## TASK DETAILS
What is needed is an exact copy of every entry, without the pictures.

## INFORMATION PROVIDED
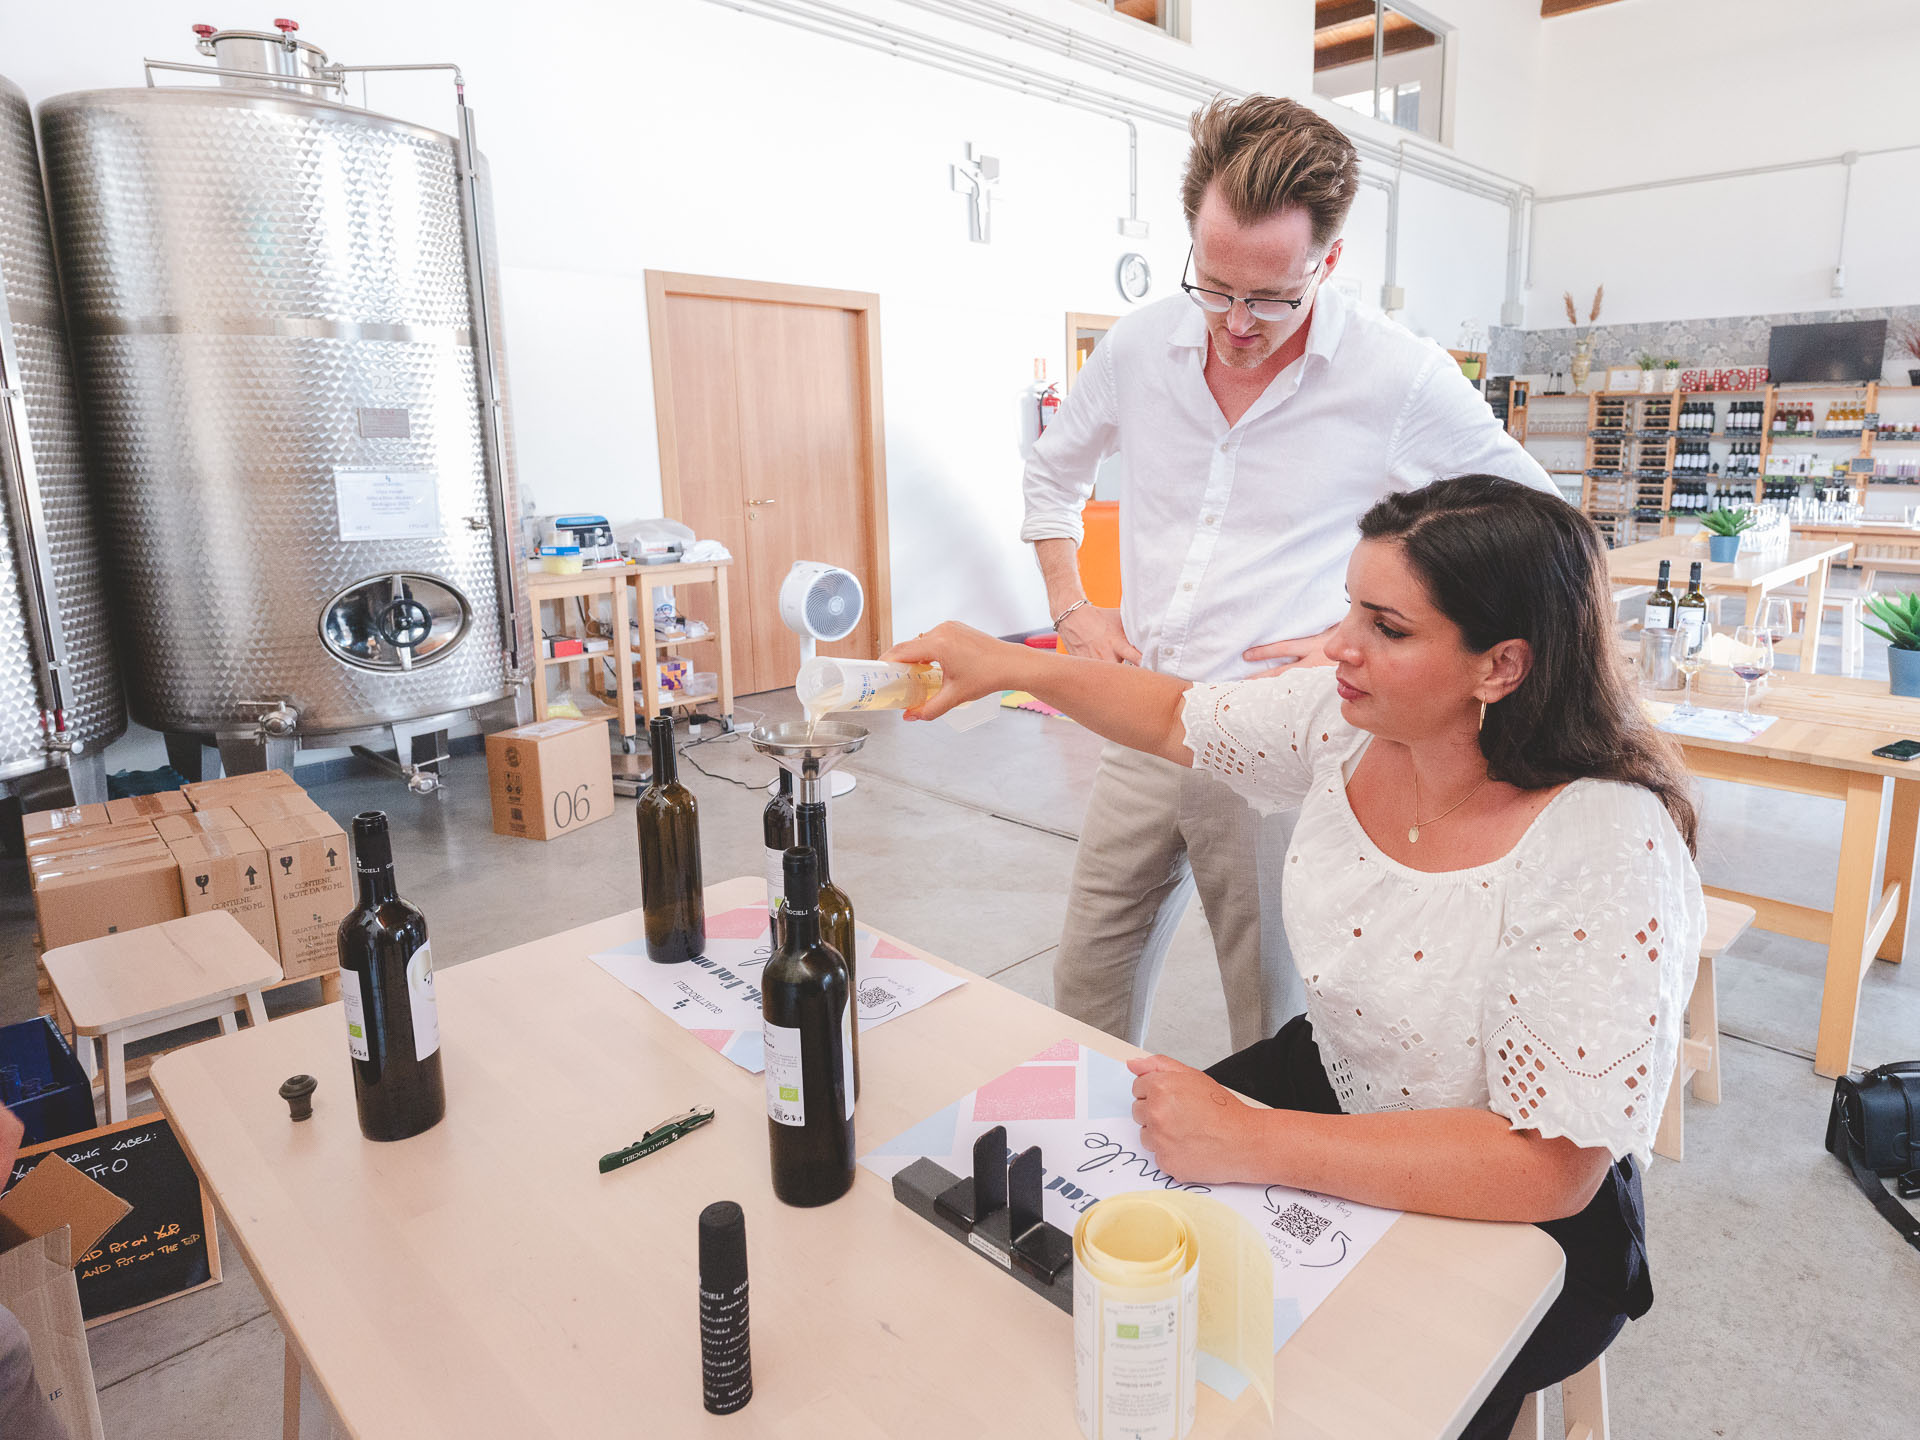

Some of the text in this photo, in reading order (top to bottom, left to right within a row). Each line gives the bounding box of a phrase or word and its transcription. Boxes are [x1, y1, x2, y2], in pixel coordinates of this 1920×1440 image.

[374, 375, 393, 389] 22
[1680, 367, 1769, 393] SHOP
[553, 784, 590, 829] 06
[295, 877, 333, 890] CONTIENE
[310, 886, 321, 896] DA
[334, 880, 345, 890] ML
[211, 897, 253, 911] CONTIENE
[254, 901, 266, 911] ML
[673, 980, 723, 1015] QUATTROCIELI
[65, 1148, 101, 1164] AZING
[621, 1138, 669, 1164] QUATTROCIELI
[81, 1249, 104, 1263] ND
[82, 1264, 112, 1280] AND
[158, 1243, 179, 1255] THE

## SOLUTION
Some of the text in this photo, in reading order (top to bottom, left to right within a row). Each line gives the bounding box of a phrase or word and its transcription. Boxes are [x1, y1, x2, y2], in pixel coordinates of this 1920×1440 image.

[374, 375, 393, 389] 22
[1680, 367, 1769, 393] SHOP
[553, 784, 590, 829] 06
[295, 877, 333, 890] CONTIENE
[310, 886, 321, 896] DA
[334, 880, 345, 890] ML
[211, 897, 253, 911] CONTIENE
[254, 901, 266, 911] ML
[673, 980, 723, 1015] QUATTROCIELI
[65, 1148, 101, 1164] AZING
[621, 1138, 669, 1164] QUATTROCIELI
[81, 1249, 104, 1263] ND
[82, 1264, 112, 1280] AND
[158, 1243, 179, 1255] THE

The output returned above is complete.